I was introduced to Pro Tools while enrolled in the audio program at Five Towns College in Dix Hills, New York, during the mid ’90s. Most of my early training in college was on large format consoles and multitrack tape machines, which were de rigueur in the studios of the day. Computers had certainly found their way into the recording environment nearly a decade earlier, but more so in the role of MIDI sequencers.
During the years I was in school, however, the digital audio workstation (DAW) had gotten its foot in the door of the control room and the DAW that led the way was Pro Tools, which I began to work with in my senior year. I sat there in front of the monitor, staring at a graphic representation of a waveform, wondering whether the hours I spent learning how to splice quarter-inch tape with razors had been wasted…
Little did I know that 20 years later, I’d be so closely involved with Pro Tools and its accessibility for blind audio engineers and musicians.

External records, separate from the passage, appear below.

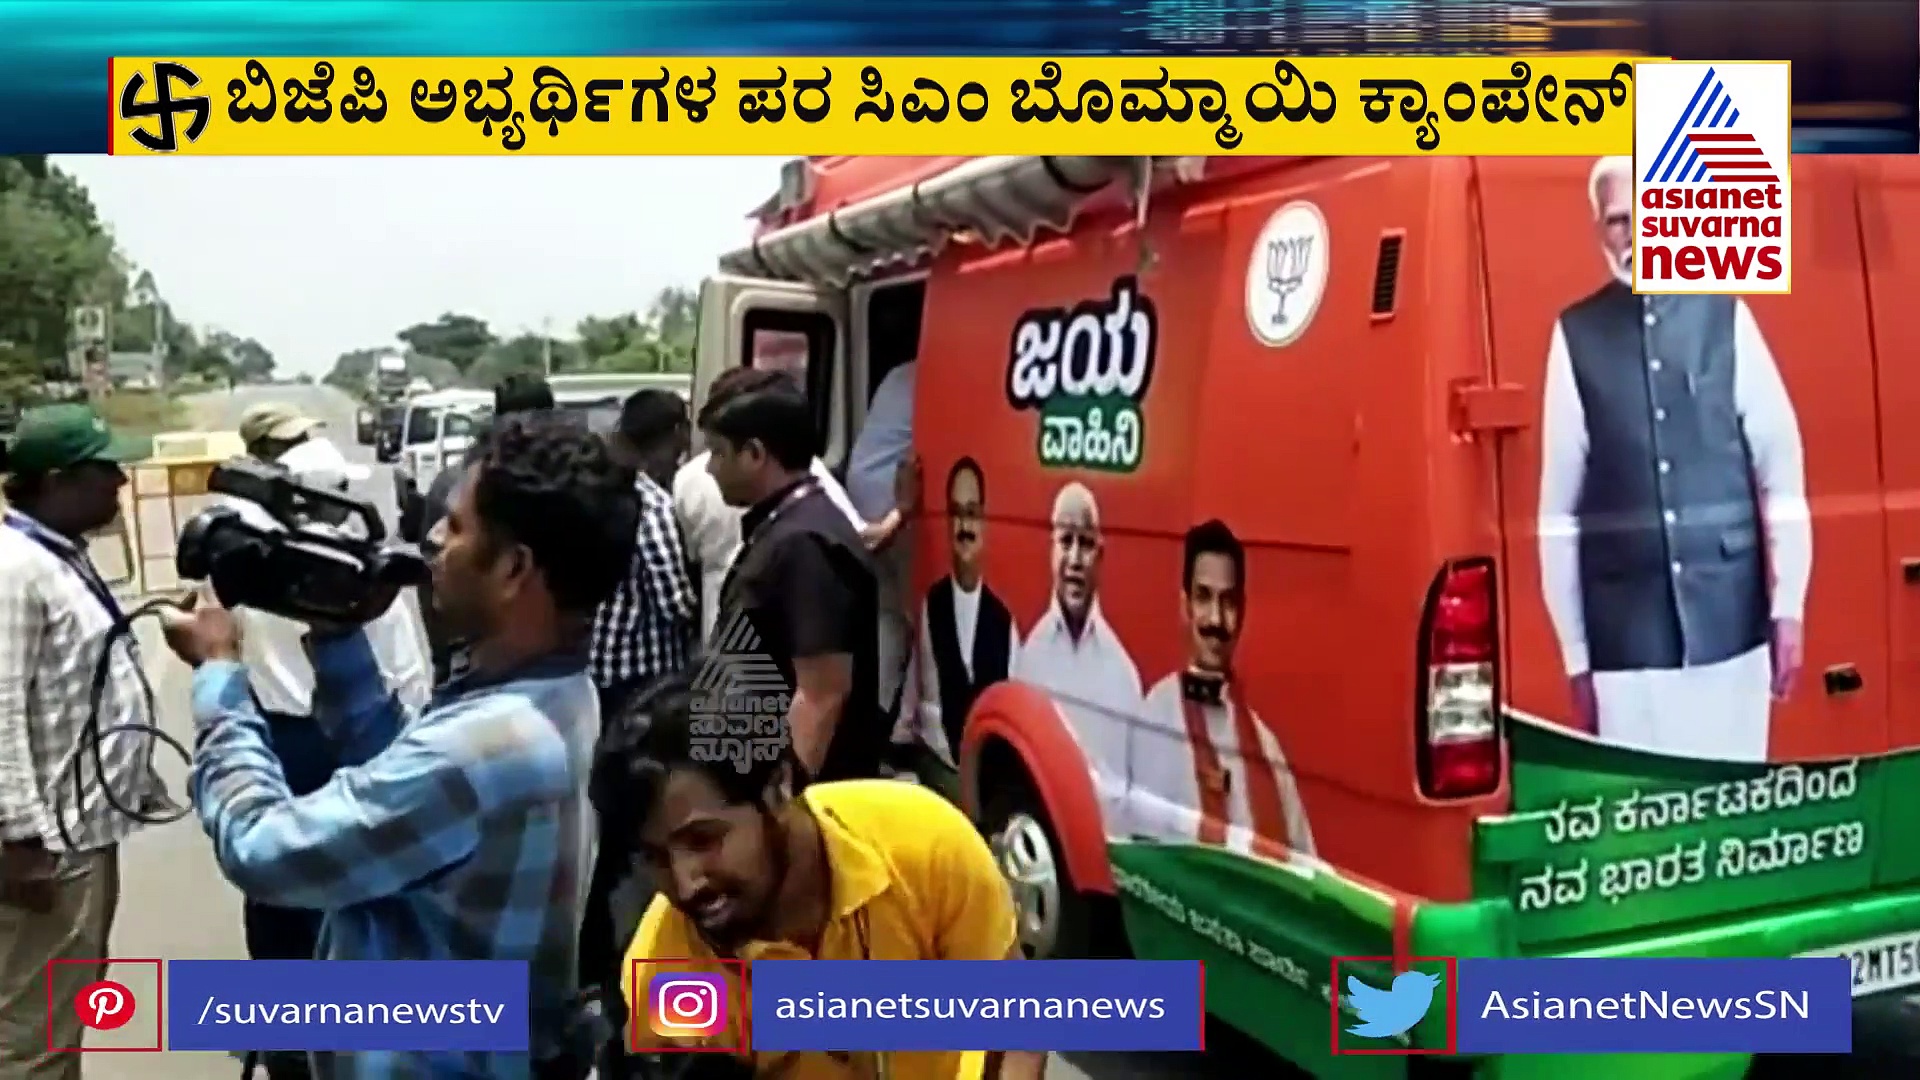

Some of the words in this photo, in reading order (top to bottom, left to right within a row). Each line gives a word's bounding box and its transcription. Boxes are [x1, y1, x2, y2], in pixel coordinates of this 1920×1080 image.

[1010, 286, 1152, 399] ಜಯ
[1041, 406, 1141, 466] ವಾಹಿನಿ
[1613, 756, 1861, 833] ಕರ್ನಾಟಕದಿಂದ
[1519, 857, 1589, 912] ನವ
[1600, 838, 1707, 905] ಭಾರತ
[1714, 820, 1864, 879] ನಿರ್ಮಾಣ
[1839, 939, 1920, 985] 2MT5
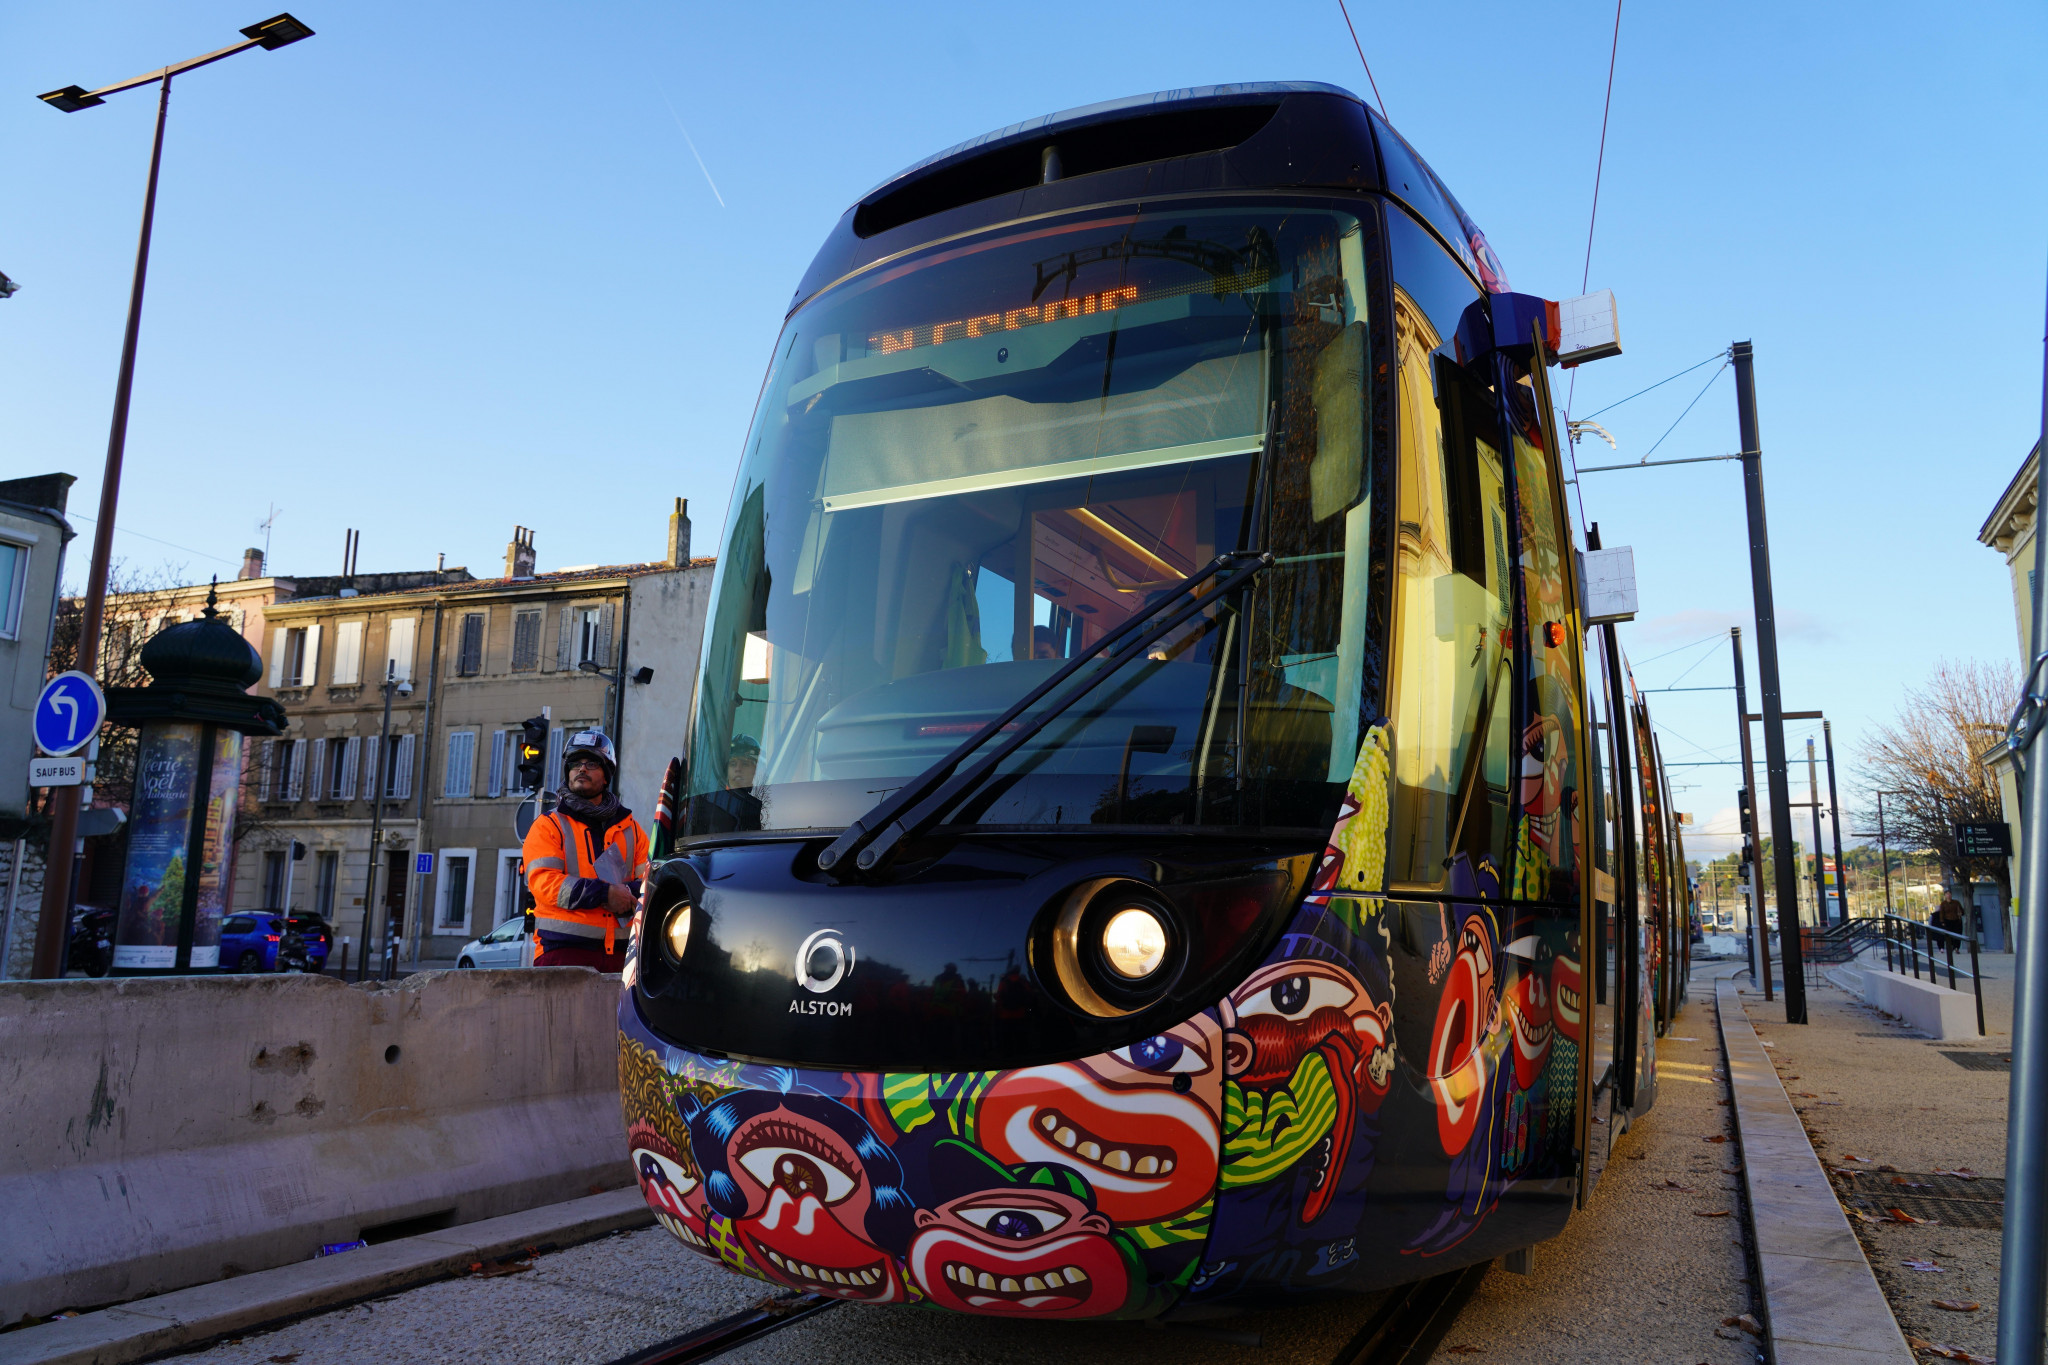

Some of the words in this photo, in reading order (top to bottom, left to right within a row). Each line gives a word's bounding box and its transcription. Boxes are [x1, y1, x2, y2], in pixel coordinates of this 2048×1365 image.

[36, 767, 58, 778] SAUF
[59, 766, 76, 777] BUS
[788, 1000, 853, 1016] ALSTOM
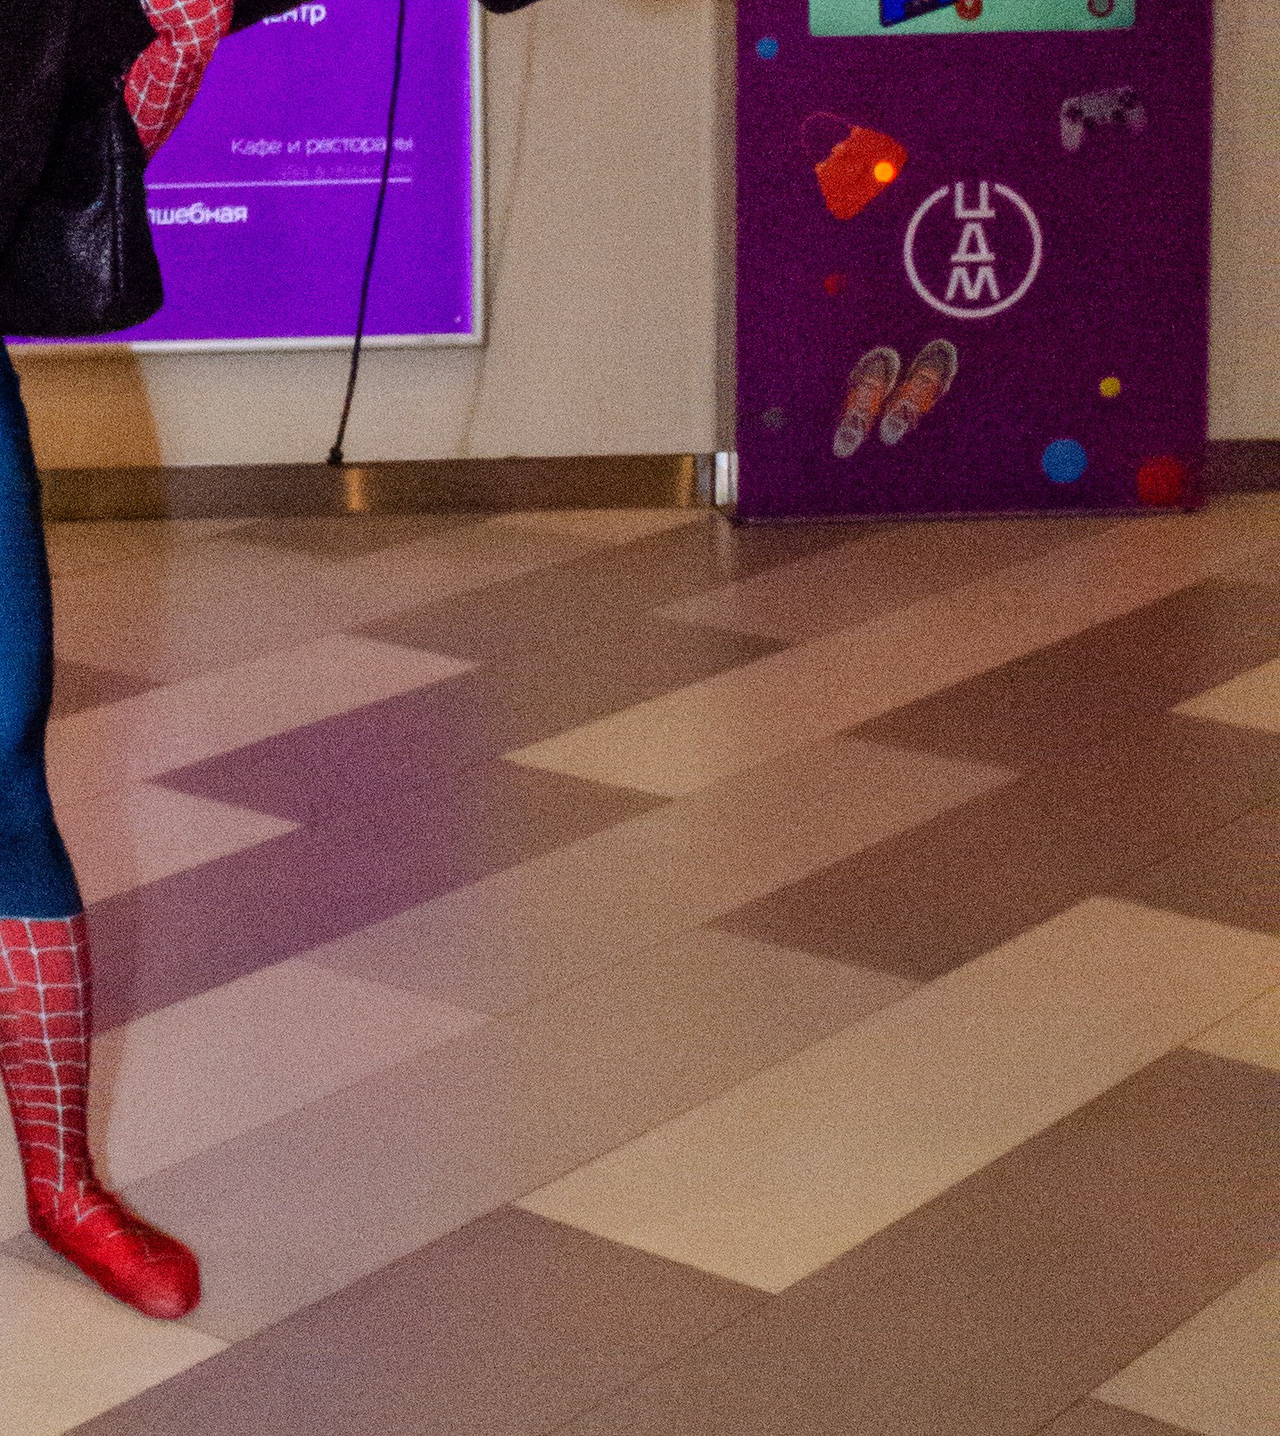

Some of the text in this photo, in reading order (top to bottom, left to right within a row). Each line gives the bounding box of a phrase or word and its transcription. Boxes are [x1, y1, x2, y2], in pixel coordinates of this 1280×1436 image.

[231, 136, 413, 157] Кафе и рестораы
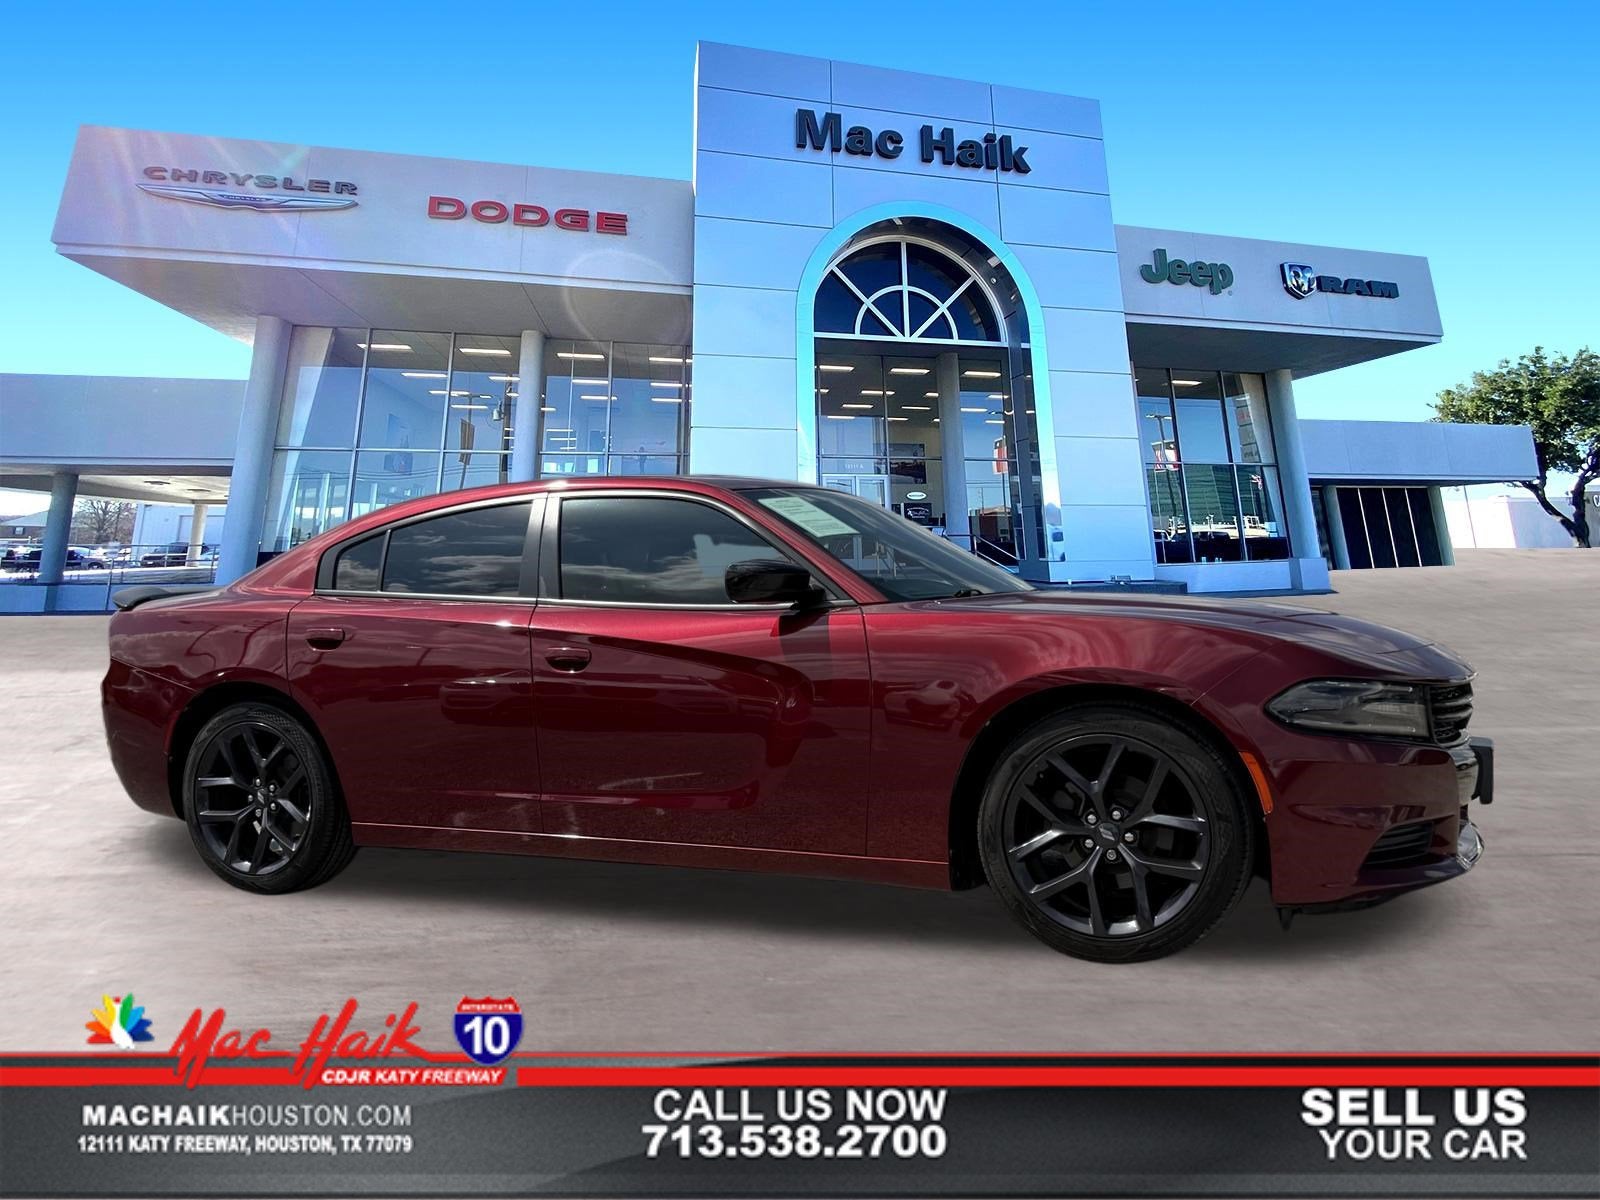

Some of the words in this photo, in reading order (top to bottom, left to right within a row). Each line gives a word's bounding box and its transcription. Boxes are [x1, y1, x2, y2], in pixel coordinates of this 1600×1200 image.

I had the advantage of taking a one-on-one advanced digital audio class with my professor as a result of my need to use adaptive software known as inLARGE, a screen magnification program for the Macintosh. Several years earlier, I had been diagnosed with a retinal condition that impaired my vision. When I entered college, most of the gear I used was highly tactile: mixing consoles, outboard processors, tape machine remotes, etc. By the time I was preparing for graduation, things had already begun to change. Evidence of this glowed from a VGA before me—everything, all under one roof, one box. Little did I know that this was the paradigm of the future, and little did I know that 20 years later, I’d be so closely involved with Pro Tools and its accessibility for blind audio engineers and musicians.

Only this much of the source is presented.